▶ Task prompt
Output the data word for word, dropping every image.

(Extracted records)

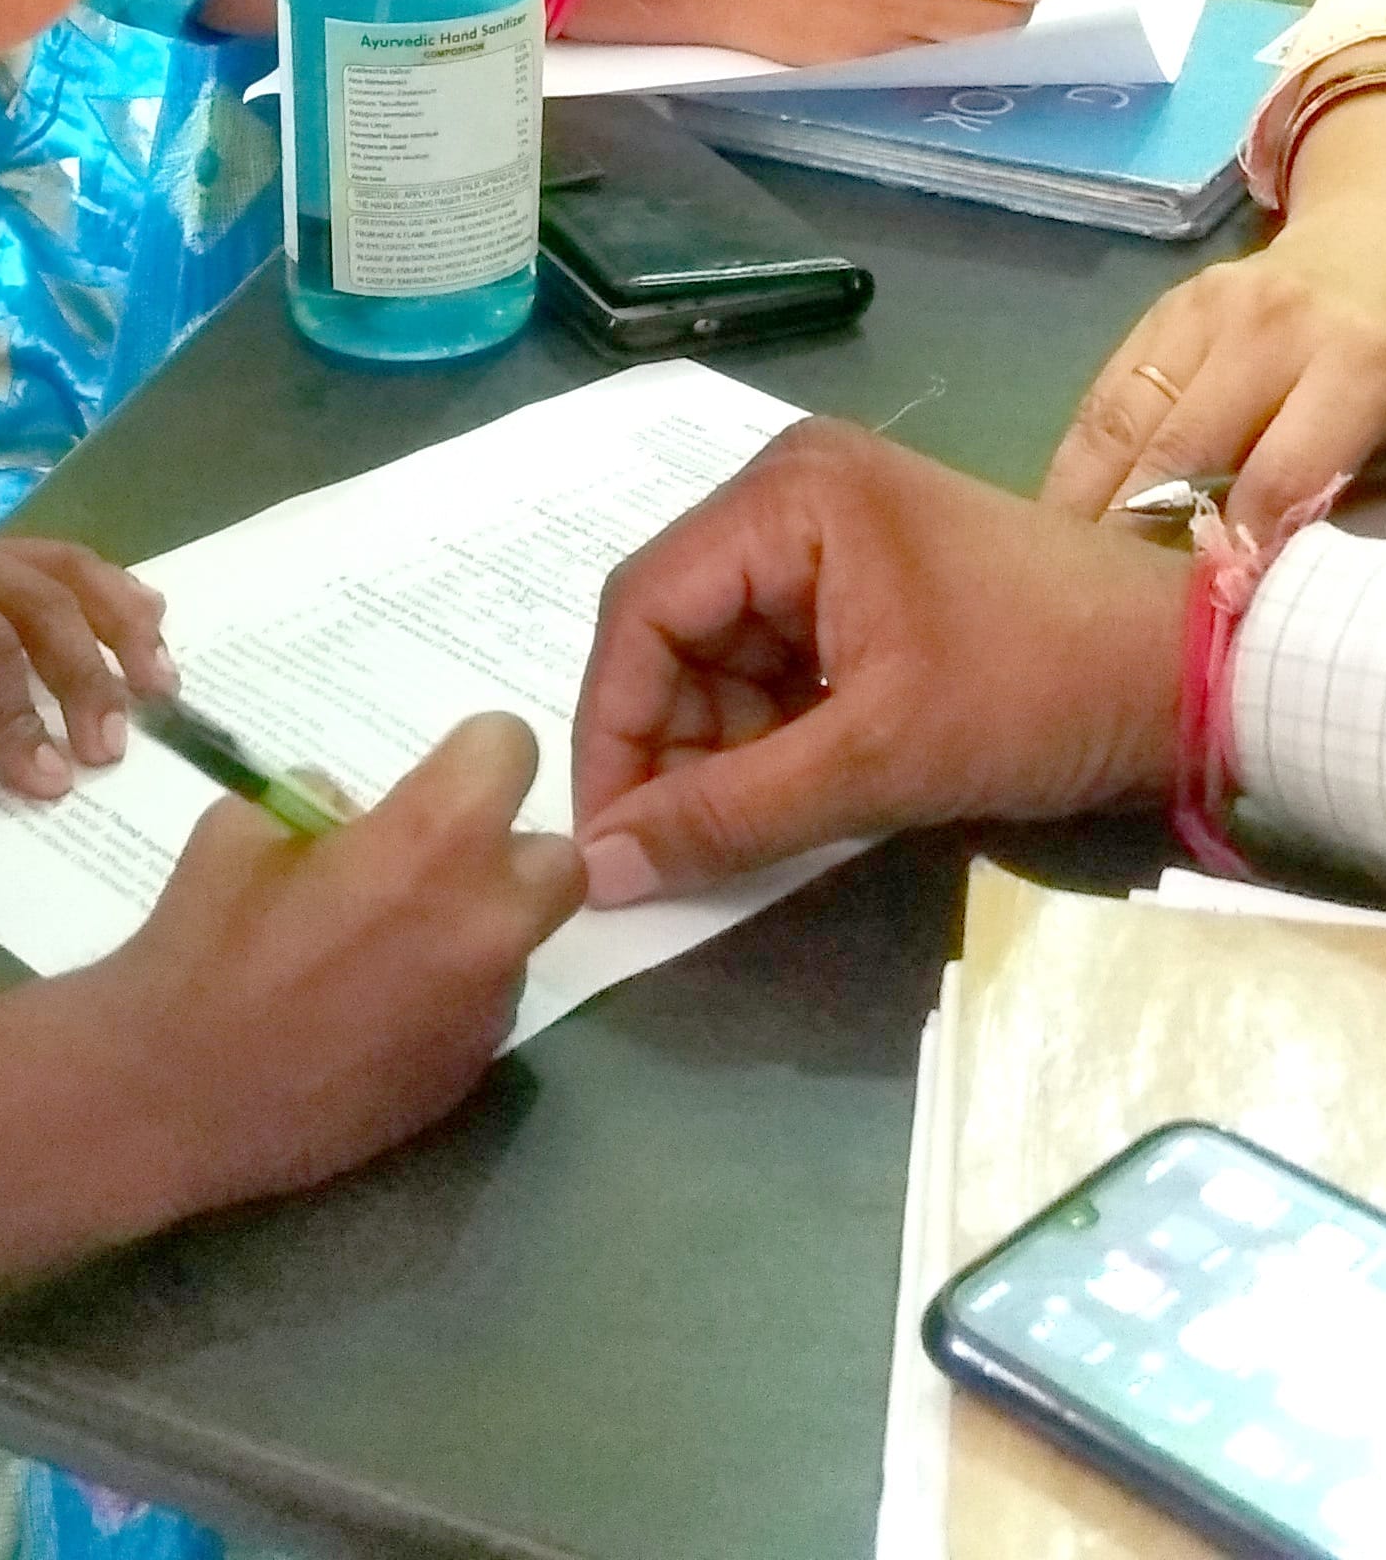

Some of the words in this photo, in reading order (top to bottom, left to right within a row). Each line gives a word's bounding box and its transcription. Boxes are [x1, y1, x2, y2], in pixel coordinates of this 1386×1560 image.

[361, 34, 434, 50] Ayurvedic
[440, 29, 477, 44] Hand
[482, 14, 528, 37] Sanitizer
[921, 84, 1035, 132] OK

▶ Exercise solution
Some of the words in this photo, in reading order (top to bottom, left to right within a row). Each line gives a word's bounding box and its transcription. Boxes are [x1, y1, x2, y2], in pixel coordinates of this 1386×1560 image.

[361, 34, 434, 50] Ayurvedic
[440, 29, 477, 44] Hand
[482, 14, 528, 37] Sanitizer
[921, 84, 1035, 132] OK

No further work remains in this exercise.